By Linda Lee Albert
My husband, Jim, had no
intention of retiring. He was never a man who longed to replace his office
for the golf course - who pictured himself leaving his
native Michigan for warmer climates. He was a man who considered it a worthy challenge to
maneuver his car without mishap in the kind of lake effect
snow and ice for which we were famous, and who never looked
out the window during our very long winters and fretted over
the gloom and absence of sun for which we were also well
known.
For the first seven years
after his diagnosis of Parkinson’s disease at the age of 58,
Jim barely turned a hair. He had climbed to a successful enough place in life
to satisfy himself; found a comfortable plateau in his
profession managing a small stable of real estate holdings
he had developed, and was content to stay there for the rest
of his life.
Then one day, things changed. He felt stiff and lethargic in a way he had not
previously experienced. His optimism was suddenly no longer in evidence. His belief in his ability to make good decisions
disappeared. Trips to his neurologist did nothing to
reassure him, even though the doctor was convinced there was
no particular change for the worse in the progression of his
disease.
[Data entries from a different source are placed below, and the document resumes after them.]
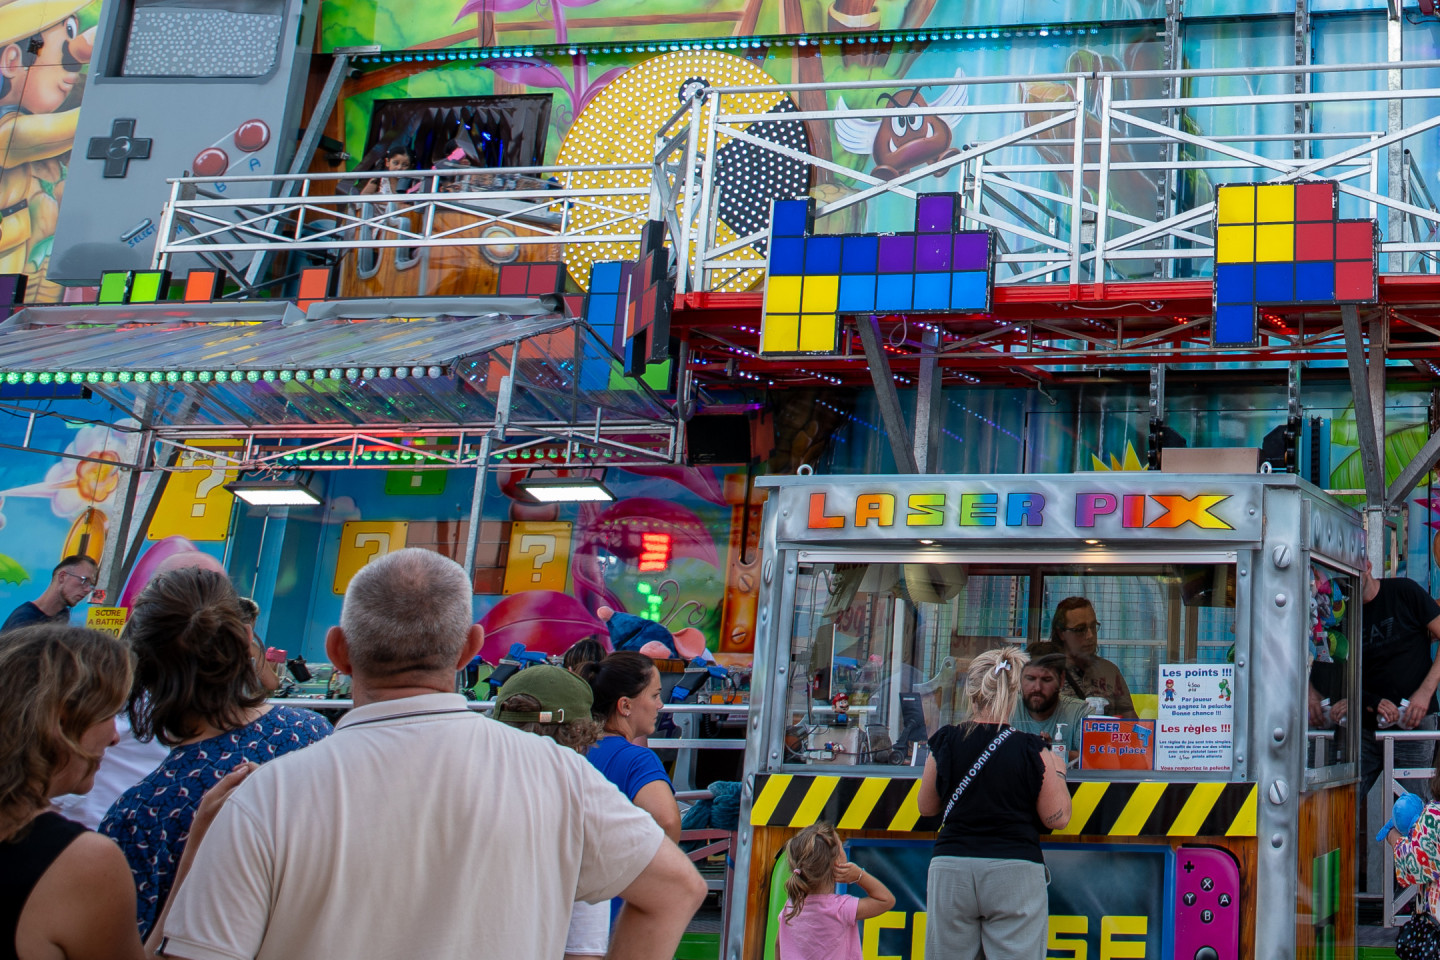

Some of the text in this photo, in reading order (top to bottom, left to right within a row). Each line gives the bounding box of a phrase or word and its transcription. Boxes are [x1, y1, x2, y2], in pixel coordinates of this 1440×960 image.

[128, 224, 157, 248] SELECT
[807, 492, 1237, 531] LASER PIX
[95, 609, 121, 617] SCORE
[1162, 668, 1232, 679] Les points !!!
[1085, 722, 1120, 732] LASER
[1161, 724, 1231, 735] Les règles !!!
[988, 729, 1012, 752] HUGO
[1111, 733, 1131, 742] PIX
[1089, 745, 1146, 756] 5 € la place
[968, 750, 991, 777] HUGO
[952, 775, 972, 801] HUGO
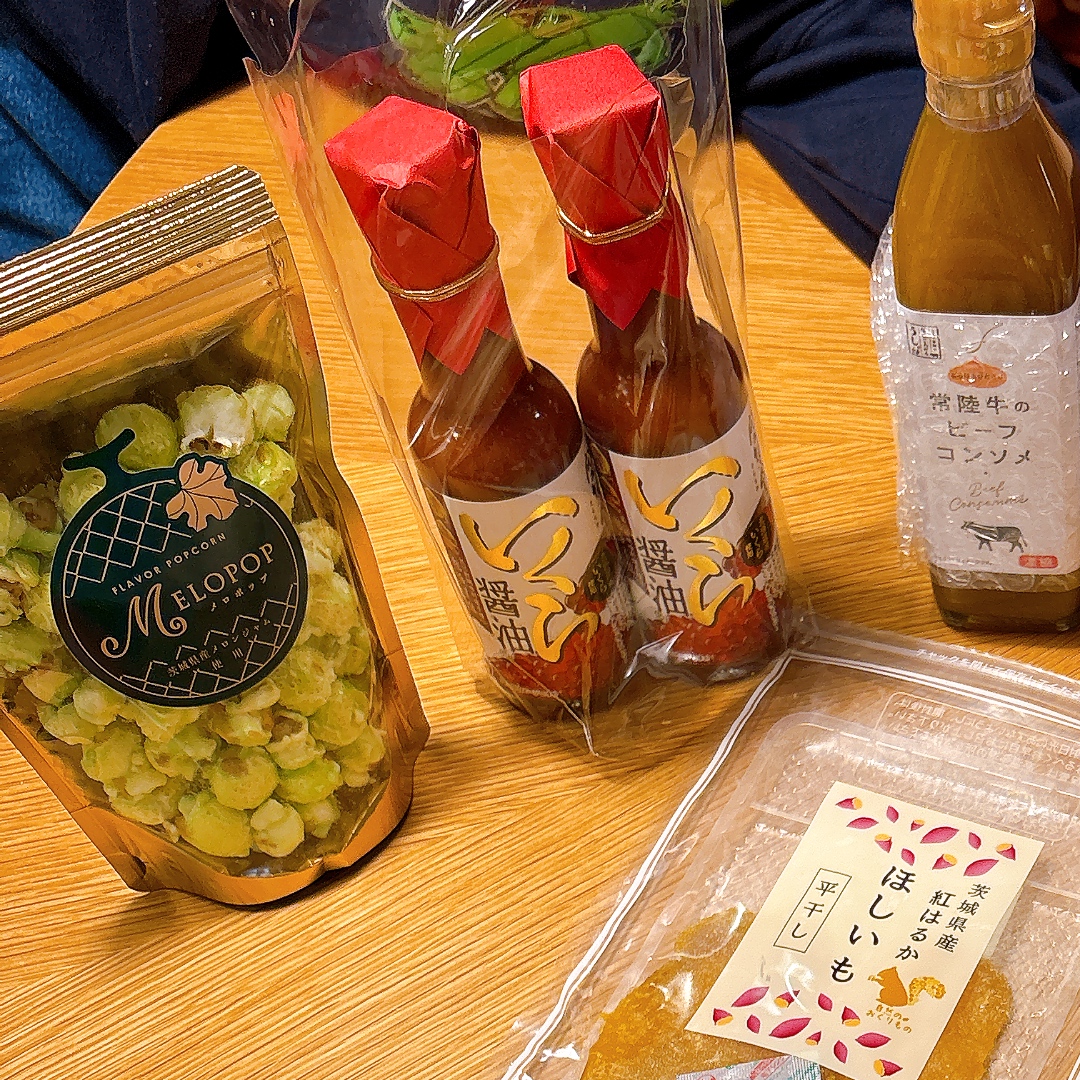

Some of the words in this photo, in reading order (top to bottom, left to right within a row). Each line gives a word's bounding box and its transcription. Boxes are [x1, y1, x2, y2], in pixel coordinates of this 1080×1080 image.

[930, 393, 1030, 414] 常陸牛の
[948, 421, 1017, 439] ビーフ
[936, 446, 1031, 465] コンソメ
[111, 565, 162, 596] FLAVOR
[165, 532, 227, 568] POPCORN
[209, 573, 269, 612] メロポップ
[100, 543, 276, 658] MELOPOP
[790, 879, 839, 939] 平干し
[830, 865, 917, 983] ほしいも
[895, 889, 957, 961] 紅はるか
[934, 883, 993, 954] 茨城県産
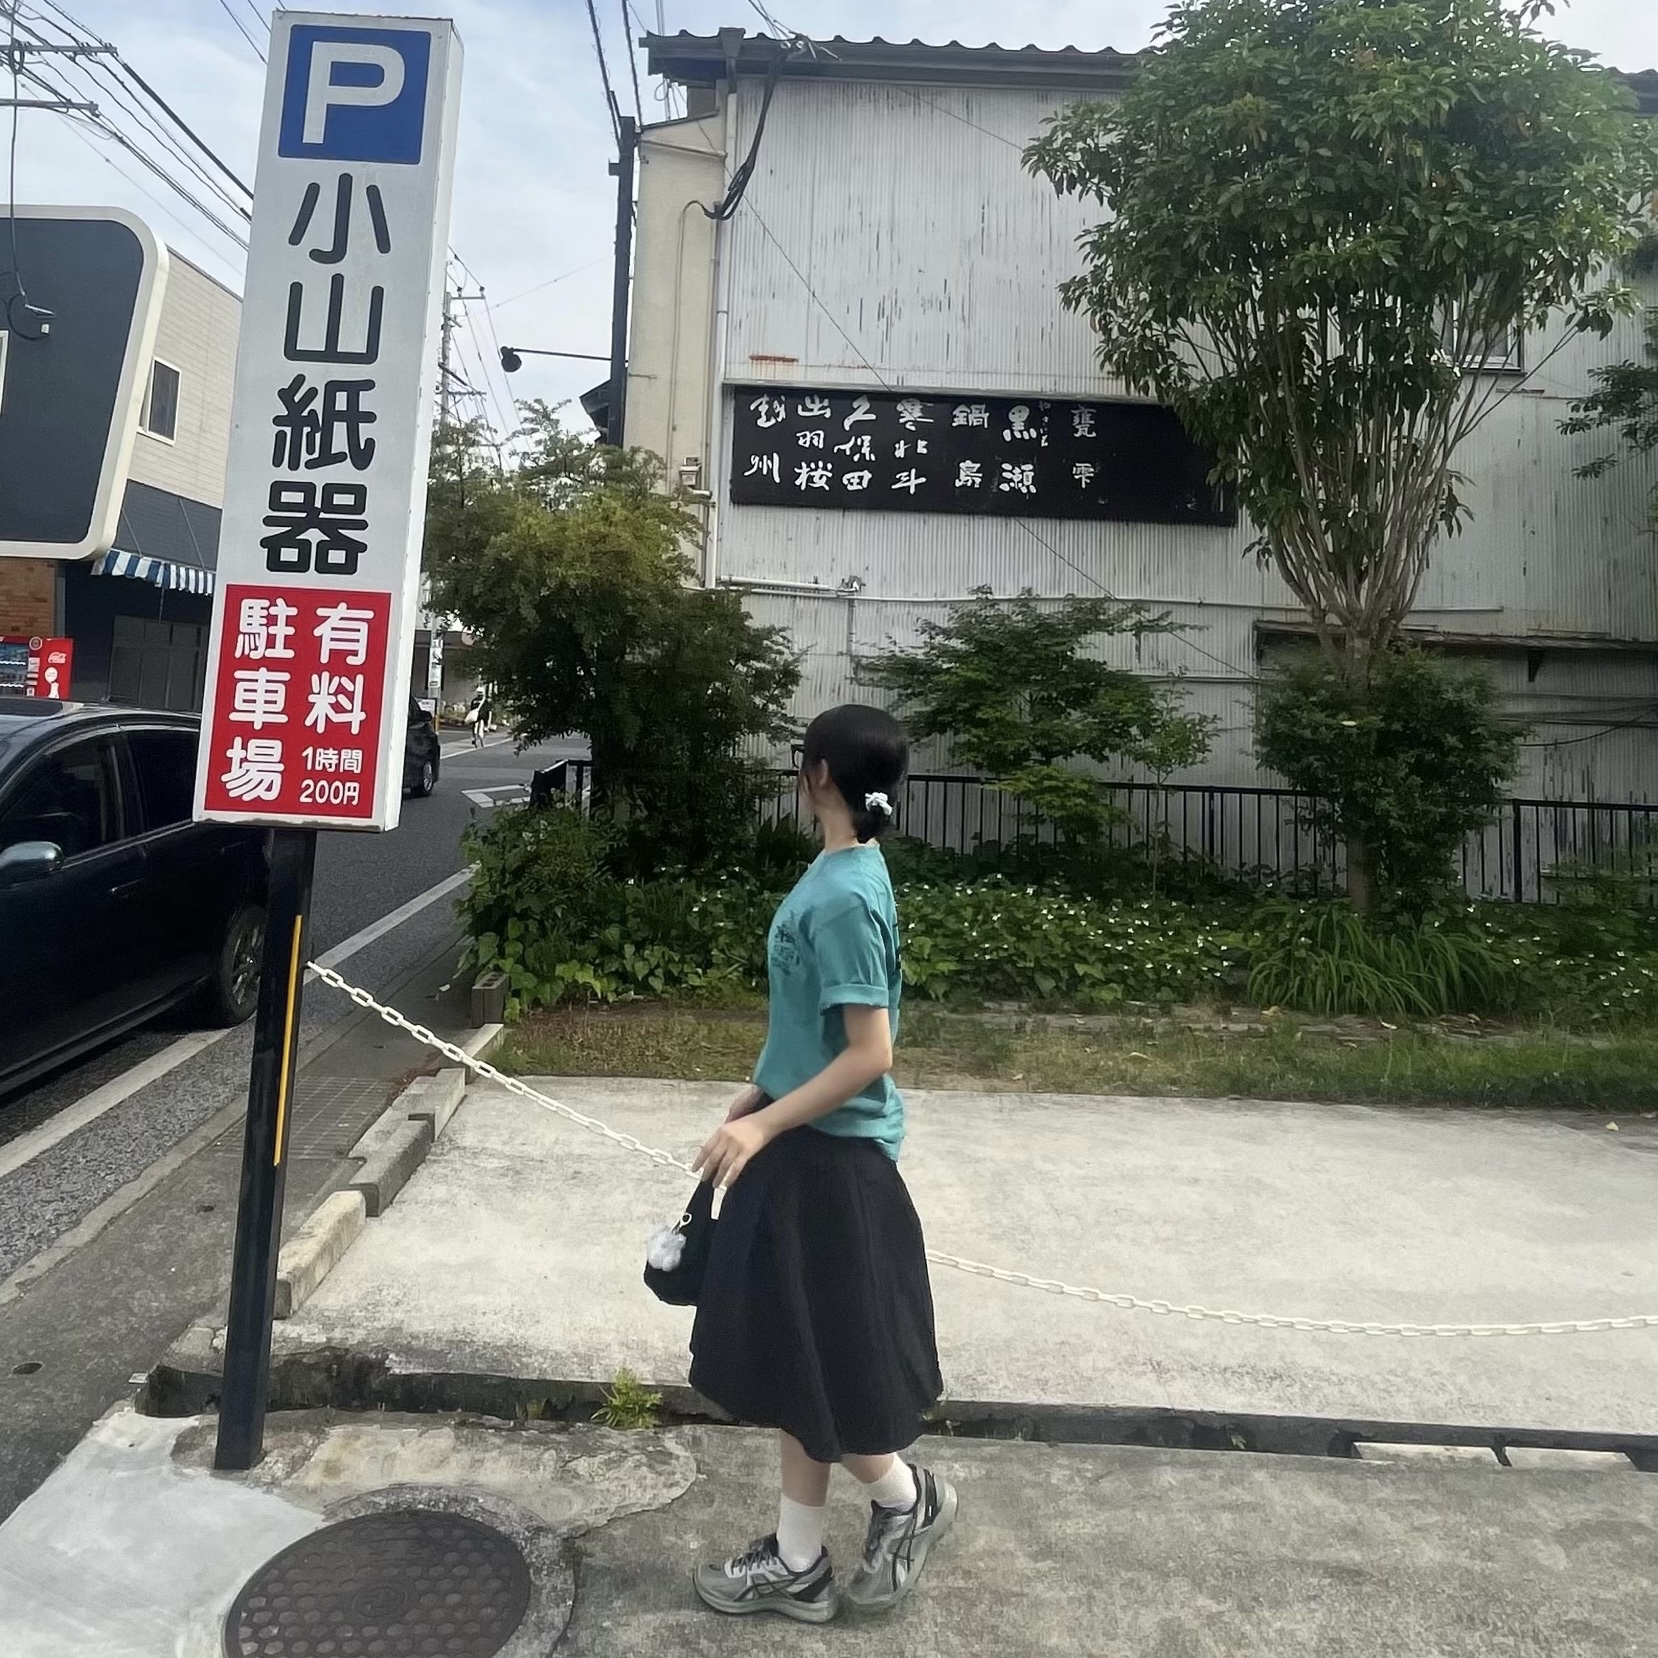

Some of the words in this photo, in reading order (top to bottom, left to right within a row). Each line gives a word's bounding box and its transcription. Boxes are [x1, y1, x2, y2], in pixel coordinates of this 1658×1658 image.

We were
bewildered, and Jim was beginning to be frightened.
Fortunately, our
son-in-law, Andy, a clinical social worker, took it upon
himself to do a search for us on the Internet. According to what he found, 50 percent of Parkinson’s
patients will be fated to undergo a clinical depression at
some point in the course of their illness, with the symptoms
imitating the Parkinson’s symptoms themselves, so that a
diagnosis is very difficult to ascertain. No failing on the part of the person suffering
through this is to blame, we discovered - not even the pain
and disappointment of having to deal with a progressive
physical disease - but rather, the compromised brain
chemistry itself was both the primary cause and the
potential remedy
Neither my husband’s
internist nor neurologist had alerted us to this
possibility, but once armed with information, we were
ultimately able to find a neuro-psychiatrist who aided us in
understanding what my husband was going through, and who
reassured us that Jim could be helped. The doctor prescribed Wellbutrin, an anti-depressant,
to give my husband what he called “a floor” on which to
stand emotionally, and encouraged him to get back into
living his life as fully as possible.